En el vagón, tras comprobar que estaba sola, corrió las cortinas y se cambió de ropa. La sensación de calidez y el olor a ropa nueva la tranquilizaron un poco más. Viendo desfilar los aledaños de la ciudad a través de los cristales mojados por la lluvia, acunada por el traqueteo rítmico del tren y la calefacción, se apoderó de ella una modorra a la que se entregó sin oponer demasiada resistencia.

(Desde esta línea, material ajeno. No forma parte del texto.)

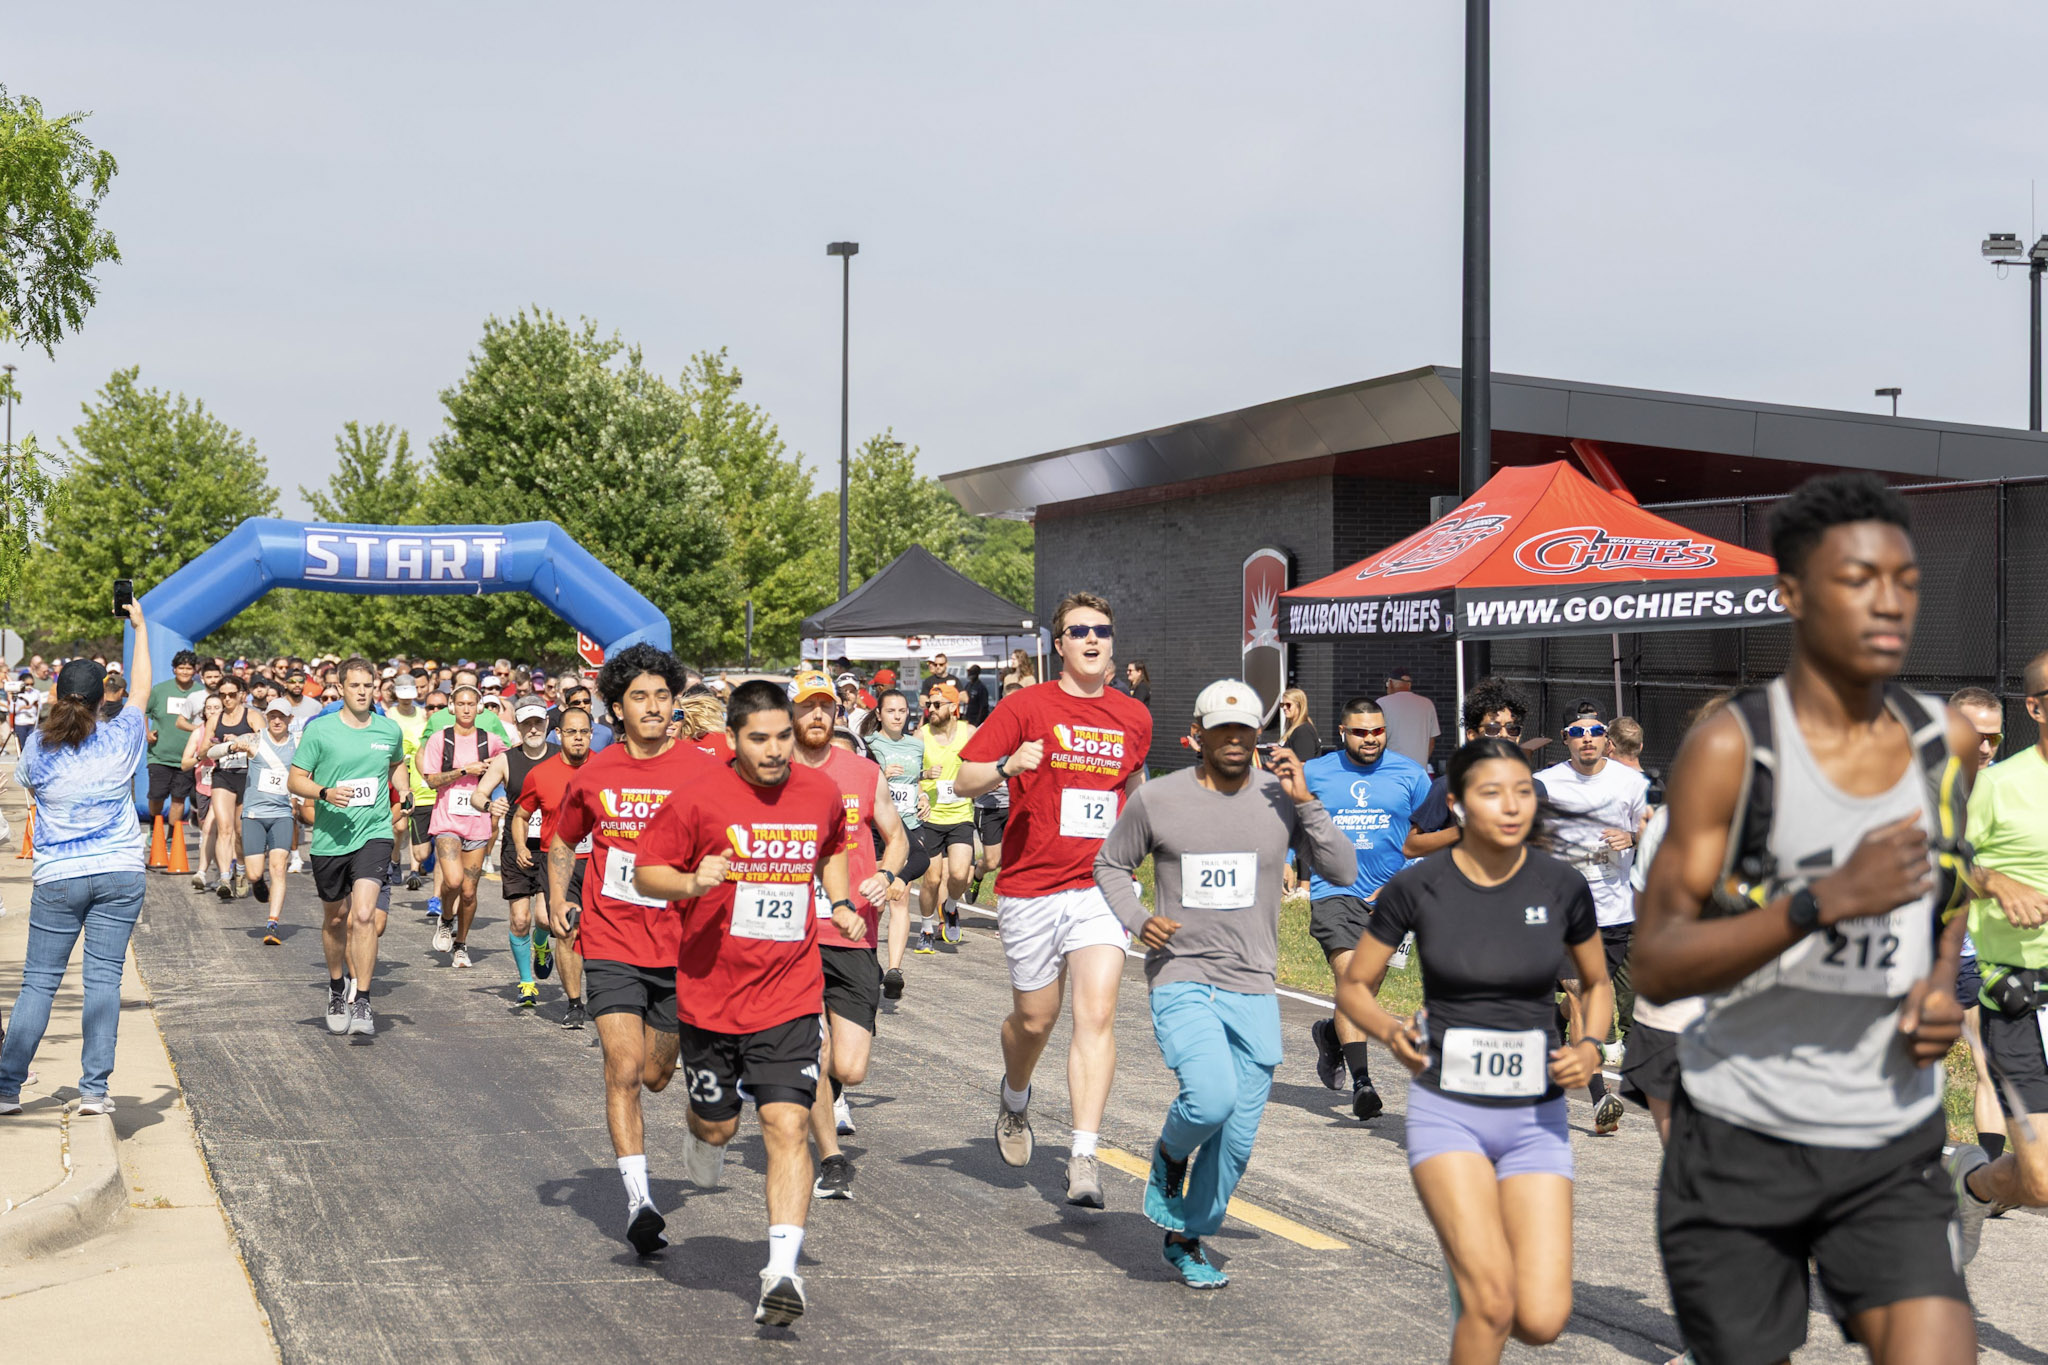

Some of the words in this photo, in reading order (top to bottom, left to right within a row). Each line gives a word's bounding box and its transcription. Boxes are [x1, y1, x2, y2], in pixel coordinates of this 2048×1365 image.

Dos horas y media más tarde, el penetrante chirrido de los frenos y el súbito bamboleo del tren al entrar en la estación de Paris-Nord la arrancaron del sopor medio comatoso en el que se había sumido. Se apeó del tren, miró el gran reloj que dominaba una de las paredes de la estación y, con un reflejo surgido de la costumbre, ajustó su reloj de pulsera a las dos de la tarde, hora de Francia. Aturdida por el viaje y con todo el cuerpo protestando de nuevo con vehemencia por el trato al que estaba sometido, Julia cruzó las dos calles que la separaban de la estación de Paris-Est, de donde salía el tren expreso que la llevaría finalmente hasta la capital de Austria, pasando por Estrasburgo, Stüttgart y Munich. El tren partía de París a las seis de la tarde y llegaba a Viena a las nueve de la mañana. Iban a ser casi quince horas de viaje que pretendía aprovechar para poner en orden el caos mental en el que se hallaba sumida y repasar todo lo ocurrido.